For the global renewable energy industry, the year of 2012 will probably not be held in the fondest regard. The continued Eurozone crisis appears to have led to schizophrenic policy making in some quarters. The big “P” of politics has certainly dominated the small “p” of policy, and it seems long-term decision making and regulation (something that is quite important when trying to stimulate many hundreds of billions of dollars of urgently needed investment) is being made with only the next election in mind. These sentiments will undoubtedly resound with those in the renewable energy industry that spend most of their time and investment dollars in more mature developed markets. However, they are probably a far cry from the BRIC economies, and indeed many other developing economies.
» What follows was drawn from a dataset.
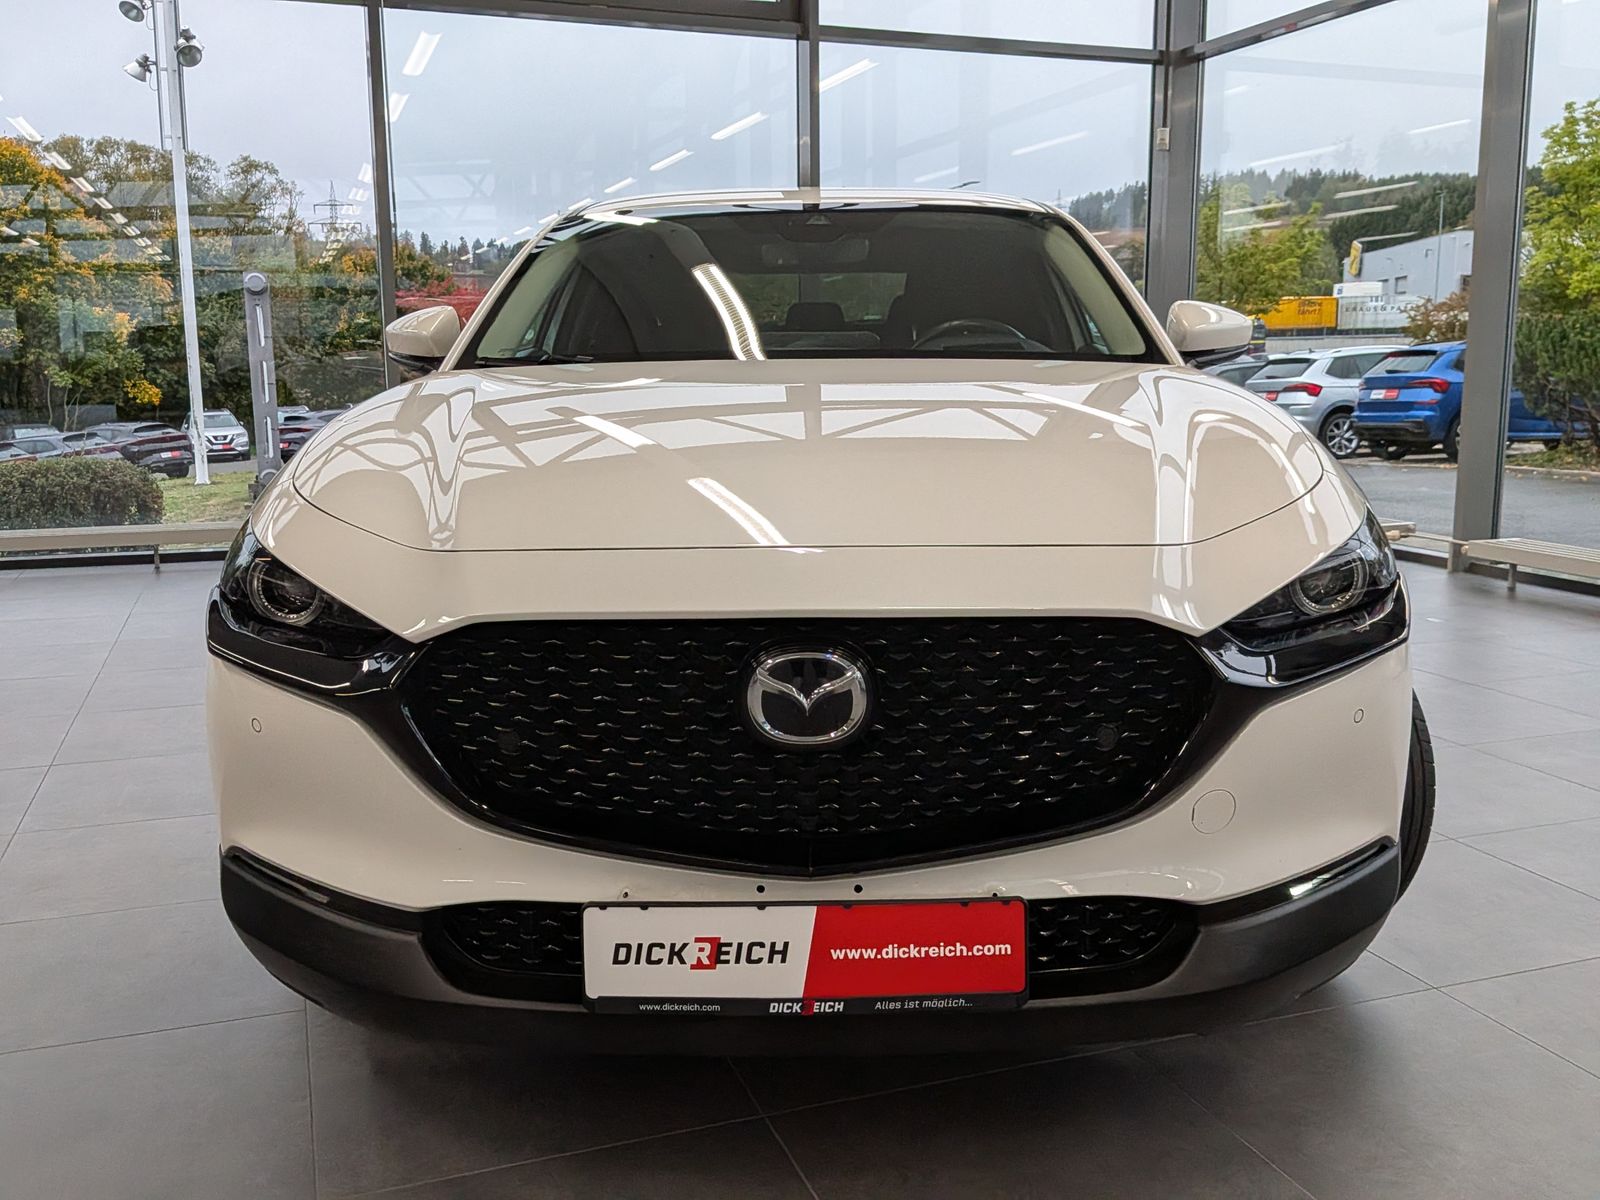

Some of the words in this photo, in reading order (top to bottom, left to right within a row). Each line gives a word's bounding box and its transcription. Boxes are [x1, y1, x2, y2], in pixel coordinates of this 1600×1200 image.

So where did it all go wrong in the west? Feed in tariffs and other financial incentive packages seemed to make sense when Europe and the US talked of leadership in the war against climate change, and leadership in creating green collar jobs. The US allocated $50bn of their economic stimulus package towards renewable energy, energy efficiency and related R&D in 2009. Perhaps more startling at the time was news coming from the east; the Republic of Korea’s $30.7bn package was one of the most significant of the G-20.

Since 2009 it is the divergence in renewable energy strategy at an economic level between the east and west, or developed and developing economies, that has been the most surprising. Developed markets have since continued to struggle with the digestion of excess credit, whilst developing markets have seized the opportunities of green growth with both hands. Even short term green investment measures (for example in the solar and wind sectors) in markets like Korea and China have had a huge impact in creating export markets for locally manufactured equipment. Whether these markets can be sustainable without significant levels of state support and whether they survive the emerging trade spats, remain to be seen. But one thing is for sure; western jobs have been lost, and with them apparently the west’s appetite to take a leadership position in these sectors.

It will be a good few years beyond 2012 before we know whether western policy makers have missed a trick. Whilst developing economies continue to invest in longer term energy solutions like nuclear fusion, hydrogen energy and high efficiency fuel cells, short term politics in markets closer to home may well prove to be extremely costly indeed.